Claro, o dualismo não é a única visão existente. A teoria oposta é o monismo, que considera que não há divisões na essência das coisas. Assim, corpo e mente não são fundamentalmente diferentes, e sim parte de um todo complexo. Entre os antigos, Parmênides defendia essa visão; entre os modernos, Spinoza. Para esse filósofo, o mundo era composto de uma substância neutra, da qual tanto o mental quanto o físico eram propriedades. Seja como for, essa visão sempre foi minoria. Faz muito pouco tempo que os pensadores começaram a considerar, em suas teorias, a natureza corporal do ser humano, o fato de que existimos no espaço (nós nos movemos, ocupamos espaço no mundo, trombamos uns com os outros) e no tempo (envelhecemos, temos uma expectativa de vida limitada). Não existimos sem nosso corpo: não é possível deixá-lo do lado de fora da sala de aula, assim como não é possível deixar a mente na porta da academia.

Forma x corpo

A essa altura, você deve estar se perguntando: “Como o corpo pode ser negligenciado na sociedade, se tudo que vejo por aí é a busca de um corpo perfeito, um padrão de beleza único?” De fato, não são os filósofos nem os físicos que estampam capas de revistas; não é em busca de um cérebro melhor que as pessoas se matriculam em academias.
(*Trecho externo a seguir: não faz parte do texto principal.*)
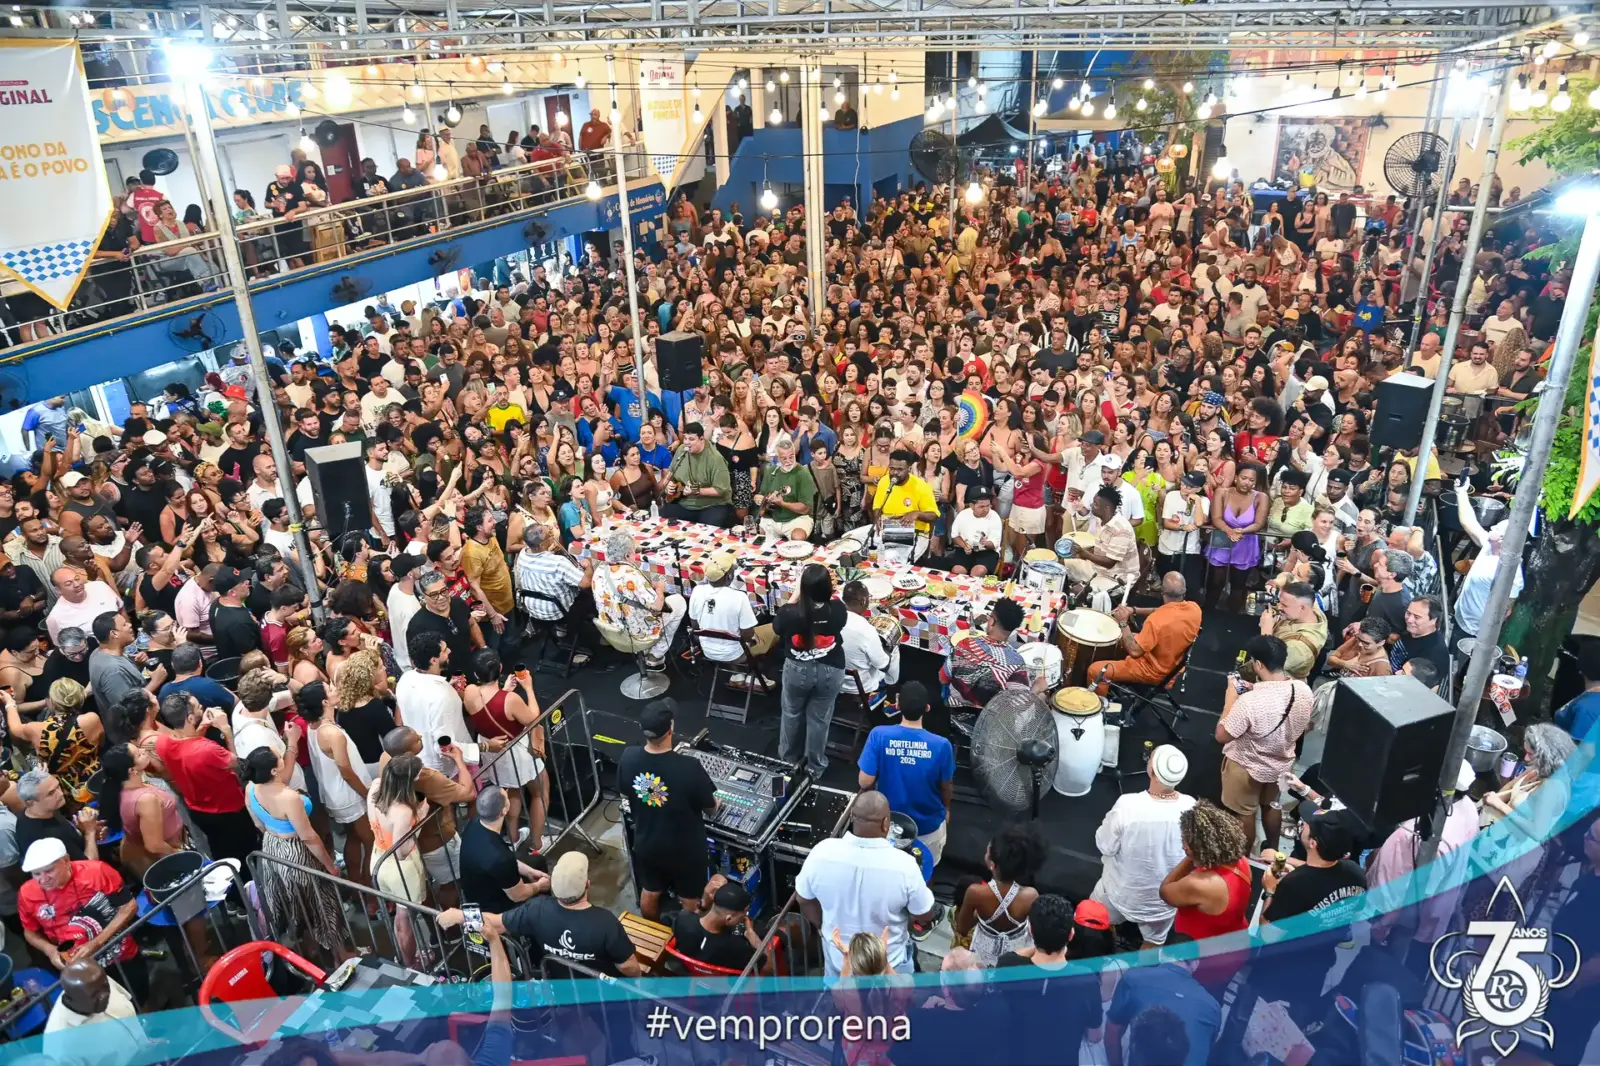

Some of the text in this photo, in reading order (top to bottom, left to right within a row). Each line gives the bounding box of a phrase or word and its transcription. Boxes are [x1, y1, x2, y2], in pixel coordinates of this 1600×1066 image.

Mas buscar um padrão de beleza é bem diferente de termos consciência de nosso organismo. “O ideal de alma elevada foi substituído por um ideal de boa forma”, diz Denise de Sant’Anna. “O dualismo continua, mas a oposição agora é entre o corpo carnal, mortal, que fica doente, envelhece, e um corpo ideal, sempre jovem e limpinho.” Quando buscam as academias, muitas pessoas não estão preocupadas em conhecer melhor o próprio corpo, integrar-se, ter mais saúde; o que procuram é um jeito de se encaixar nesse padrão ideal, ter uma forma para exibir. “Dizem que há uma corpolatria. Na verdade, é uma formolatria: culto à forma. Corpo cada um tem um, único. A forma, não. Ela é platônica”, diz Marília Coutinho.

Marília conhece bem a história da alienação corporal. Criança, tinha dificuldade de relacionamentos e de lidar com as emoções. A saída veio aos 11 anos, quando descobriu o esporte. Acalmou- se; aos 14, foi campeã de esgrima. Mas veio a filiação ao Partido Comunista, que dizia que esporte era “coisa de burguês”, e ela parou com o que mais gostava. Na mesma época, foi estuprada por lideranças políticas. Para defenderse, Marília fechou-se ao corpo. Chegou a maltratá-lo com drogas e automutilação. Aos 19 anos, abandonou o partido e mergulhou nos estudos, mas então o estrago estava feito. Seguiu a vida como bióloga e acadêmica brilhante, mas cheia de angústia. Diagnosticada como bipolar, segurava a onda com remédios. Mas foi só após uma tentativa de suicídio que ela percebeu: o exercício era a forma que ela encontraria de ficar sã. Um ano depois, era campeã brasileira de levantamento de peso. No esporte de força, ela se encontrou. Integrou-se.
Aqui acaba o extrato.